──────── DATA FOR PROCESSING ────────

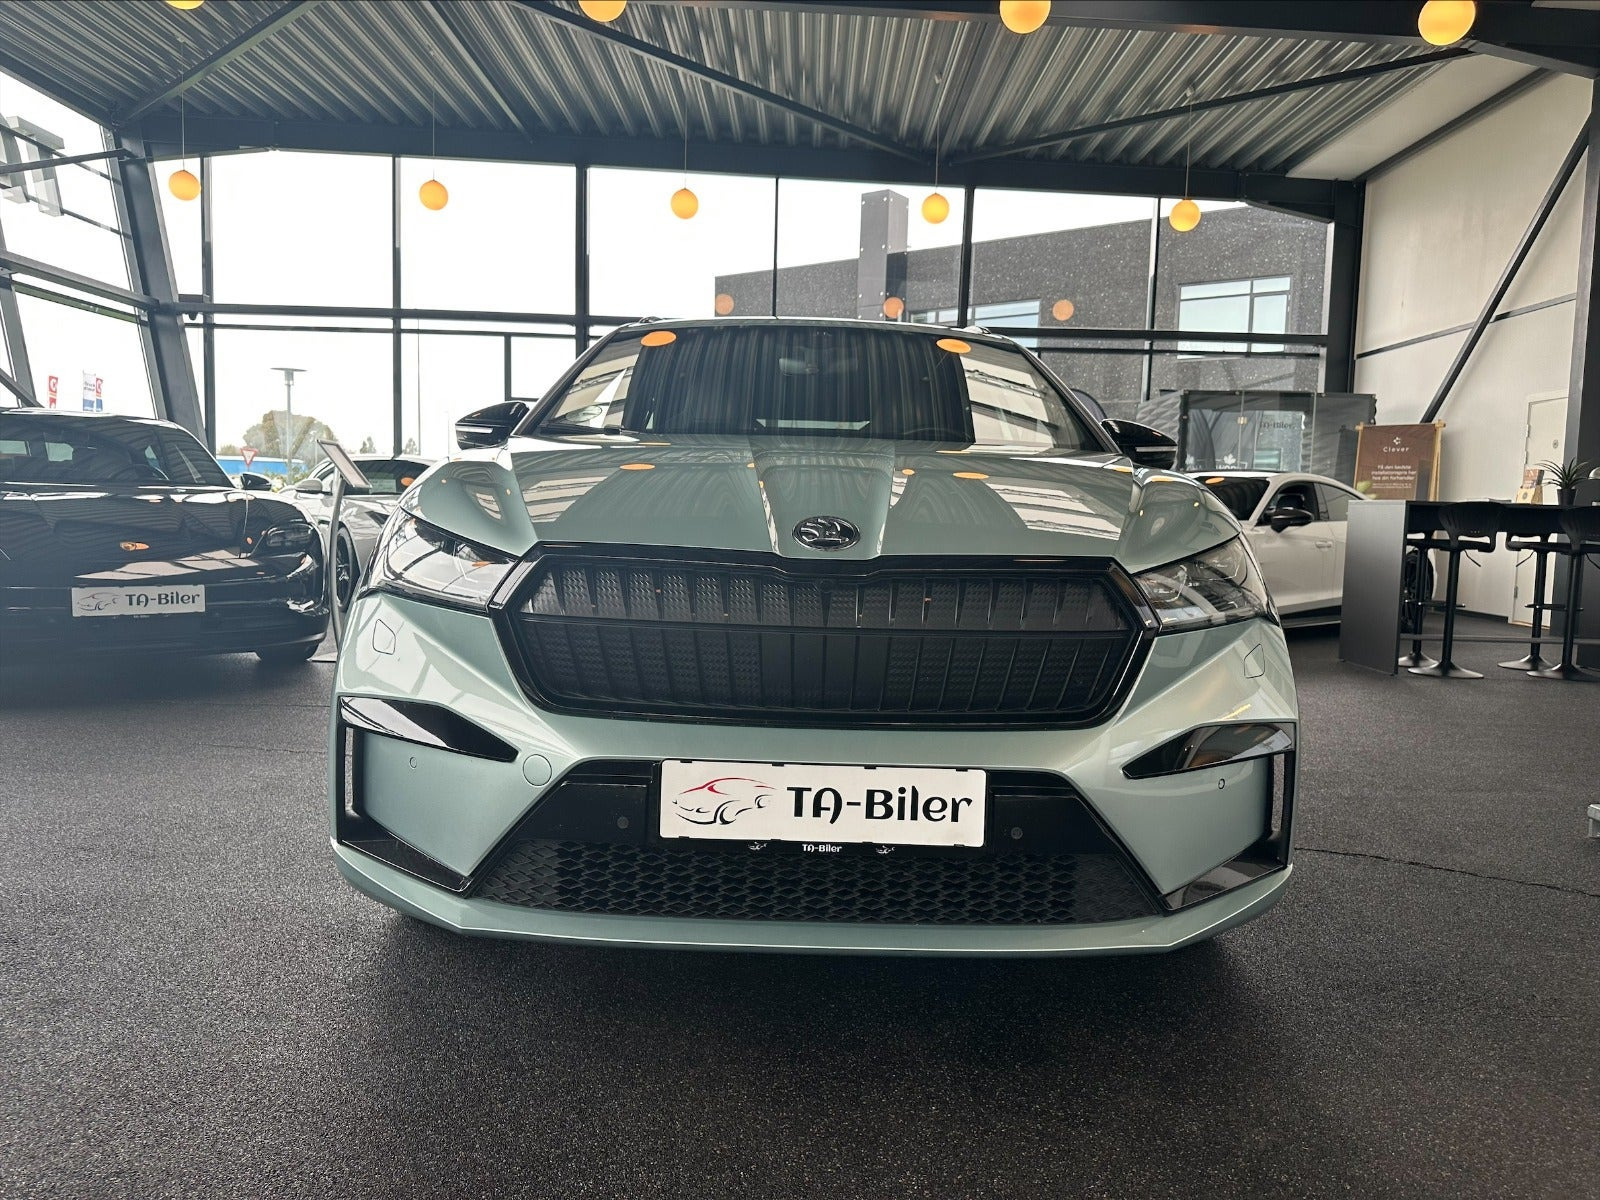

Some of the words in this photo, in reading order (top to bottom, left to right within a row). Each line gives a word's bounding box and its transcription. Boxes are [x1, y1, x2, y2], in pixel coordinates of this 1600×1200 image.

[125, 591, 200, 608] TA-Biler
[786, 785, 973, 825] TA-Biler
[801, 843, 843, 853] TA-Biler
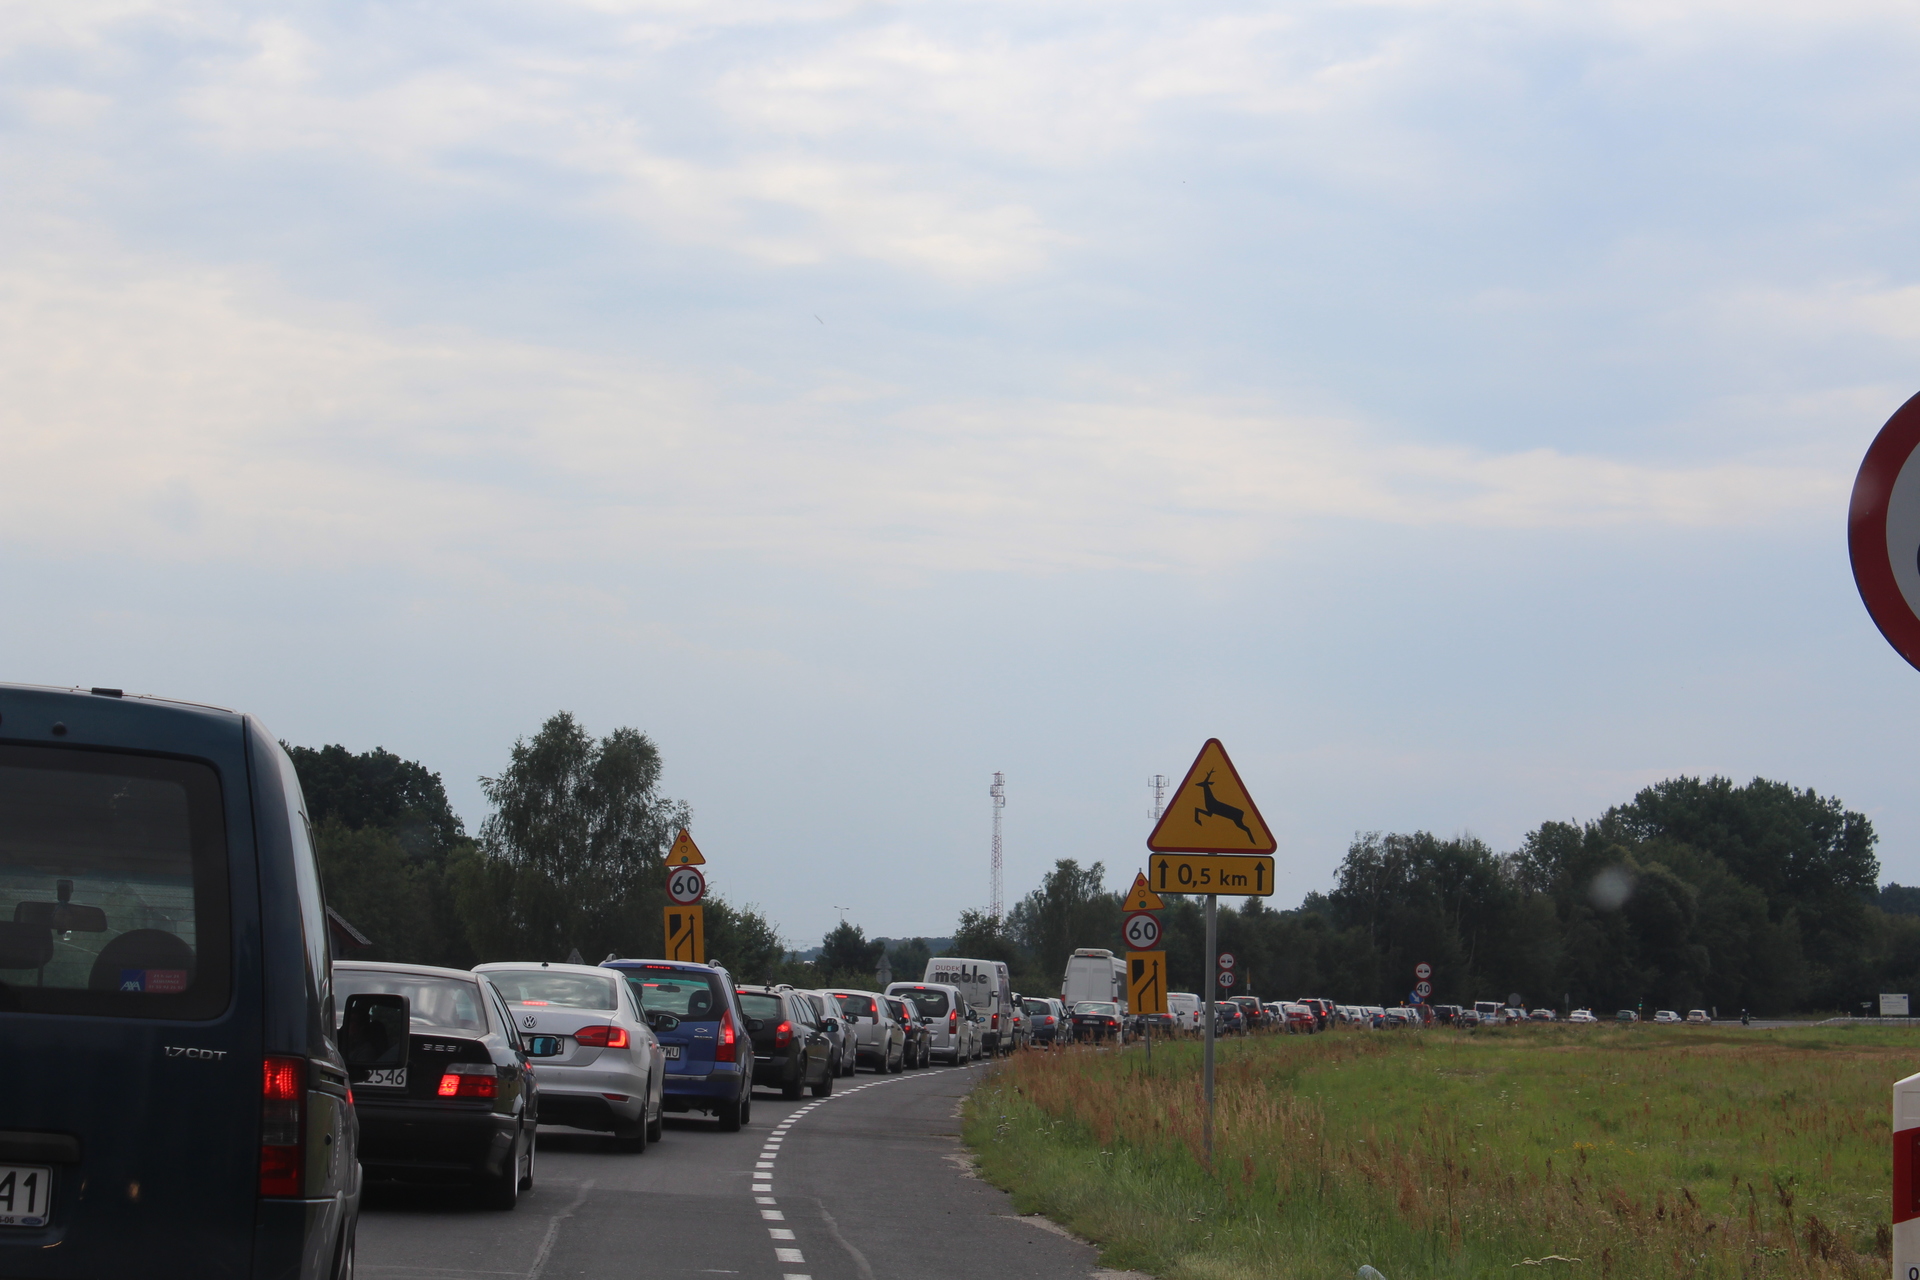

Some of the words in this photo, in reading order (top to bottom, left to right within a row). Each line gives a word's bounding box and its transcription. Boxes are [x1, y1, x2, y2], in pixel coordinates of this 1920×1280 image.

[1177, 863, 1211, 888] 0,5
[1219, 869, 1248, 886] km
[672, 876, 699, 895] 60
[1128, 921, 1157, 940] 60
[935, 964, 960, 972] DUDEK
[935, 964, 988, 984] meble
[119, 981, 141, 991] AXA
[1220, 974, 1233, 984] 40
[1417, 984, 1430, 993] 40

────────

> INSTRUCTIONS FOR THE TASK: Return the whole listing, word for word, and leave out every picture.

> SOLUTION TO THIS PROBLEM:
Some of the words in this photo, in reading order (top to bottom, left to right within a row). Each line gives a word's bounding box and its transcription. Boxes are [x1, y1, x2, y2], in pixel coordinates of this 1600×1200 image.

[125, 591, 200, 608] TA-Biler
[786, 785, 973, 825] TA-Biler
[801, 843, 843, 853] TA-Biler

Some of the words in this photo, in reading order (top to bottom, left to right within a row). Each line gives a word's bounding box and its transcription. Boxes are [x1, y1, x2, y2], in pixel coordinates of this 1920×1280 image.

[1177, 863, 1211, 888] 0,5
[1219, 869, 1248, 886] km
[672, 876, 699, 895] 60
[1128, 921, 1157, 940] 60
[935, 964, 960, 972] DUDEK
[935, 964, 988, 984] meble
[119, 981, 141, 991] AXA
[1220, 974, 1233, 984] 40
[1417, 984, 1430, 993] 40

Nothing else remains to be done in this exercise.